Была такая девушка, Надежда Павлович, жила в послереволюционном опустевшем Петрограде, на Офицерской. В какой-то комнате в полуподвальном этаже огромного старого дома.
Туда к ней и приходил Блок. Ну как приходил? Нет, это было не свидание. Это было смотрение со стороны.
Блок приходил, садился на широкий подоконник. А иногда — чтобы не идти через ворота и большой двор, а потом не пересекать пустую квартиру по пути в эту комнату — просто влезал со смехом через окно.
«Со смехом». Так странно звучит. Хотя мы помним фотографии смеющегося Блока, с той же Любовью Дмитриевной, где-то тоже после революции на каком-то балконе, но все равно трудно представить трагического Блока смеющимся.
Хотя все мы помним этот остроумной ответ одного редактора каким-то критикам ахматовских строчек «улыбнется презрительно Блок/ трагический тенор эпохи», дескать не мог наш советский Блок улыбаться презрительно: «Нам всем придется смириться с тем, что Ахматова знает лучше. В конце концов Блок улыбался ей, а не вам».
Так вот. Тут Блок даже не улыбался, а смеялся. Видимо, как ребенок. И смеялся опять не нам.
… Однажды Надежда Павлович прочитала его матери и ему свои стихи. Начинались они строчкой: «Мне снилось, ты гибнешь в смертельном бою…».
Мать Блока спросила, кому они посвящены, но Павлович уклонилась от ответа. Зато Блок всё понял.

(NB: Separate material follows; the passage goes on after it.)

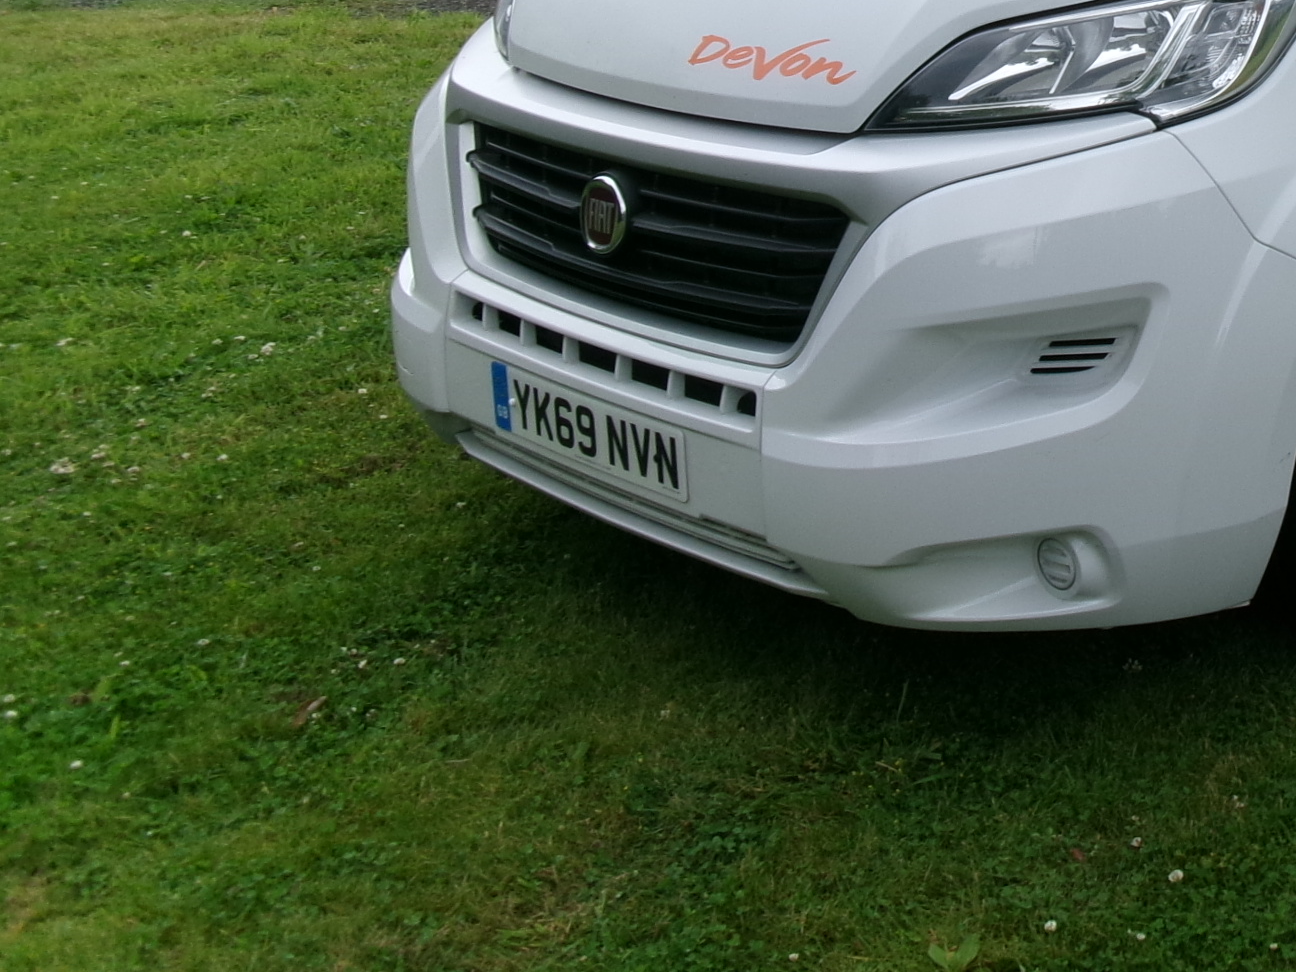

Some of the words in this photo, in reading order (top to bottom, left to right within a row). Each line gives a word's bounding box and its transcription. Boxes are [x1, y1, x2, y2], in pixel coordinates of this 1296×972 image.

[588, 197, 615, 234] FIAT
[513, 379, 598, 458] YK69
[605, 414, 680, 490] NVN

Когда Павлович уходила, Блок стоял у открытой двери, провожая ее. Она спустилась до первой площадки. Тогда он сверху спросил: «Кому вы написали эти стихи?»
Она ответила: «Вам».
Он наклонил голову: «Это правда».
Смерть Блока потом очень поразит Павлович. Она поедет после нее в Оптину пустынь и познакомится там с оптинским старцем. Решит остаться при монастыре. Потом станет сотрудницей краеведческого музея. Потом заведующей.
После закрытия монастыря сохранит архив и библиотеку старца, передаст всё это в библиотеку имени Ленина, станет навещать в заключении отца Сергия Мечева.
А в 1974 году, когда времена уже будет давно другие, станет добиваться того, чтобы Оптина пустынь получила статус памятника культуры.
… Но что-то мы забыли о Блоке. Он умрет в 21-м году, в свои сорок один. И вот тут случится странная вещь, загадочное происшествие.
К 20-й годовщине смерти Блока по инициативе Союза писателей прах поэта решат перезахоронить на Литераторских мостках. Но решению (прибавьте к двадцать одному двадцать и вы всё поймете) помешает война. Воплотить задуманное получится уже только после снятия блокады.
И вот академик Дмитрий Лихачёв в интервью, которое было опубликовано в 1994 году, вспоминает: «Перезахоранивали Блока в 1944 году. При этом событии присутствовал Дмитрий Евгеньевич Максимов — известный литературовед, поэт, доктор филологических наук».
Тут надо сразу сказать: перезахоранивали только череп Блока.
И вот Максимов несет череп поэта, потому что все остальные боялись, несет его в платке и машинально начинает по дороге пальцем выковыривать из глазниц землю. Ему показалось, что так будет правильней.
И вдруг его останавливают и говорят: «Вы выковыриваете прах Блока. Это нельзя делать».
… В общем, теперь у Блока, считай, две могилы.
Одна на Смоленском кладбище, где было фамильное захоронение Бекетовых и куда поэту по-прежнему люди несут цветы. И там, на Волковском. Самые ярые поклонники в день памяти поэта посещают сразу две могилы.
«И когда знамёна оптом/ Пронесёт толпа, ликуя, / Я очнуся, в землю втоптан, / Пыльным черепом тоскуя», — написал в свое серебряное время Велимир Хлебников.
Может, это он, провидя, про Блока писал?
Но распускаются розы. И приходит «мятель».
А стихи Блока плывут в книгах и памяти людей в России. Через снег и пыль, через толпу и знамёна. И никогда не закончатся.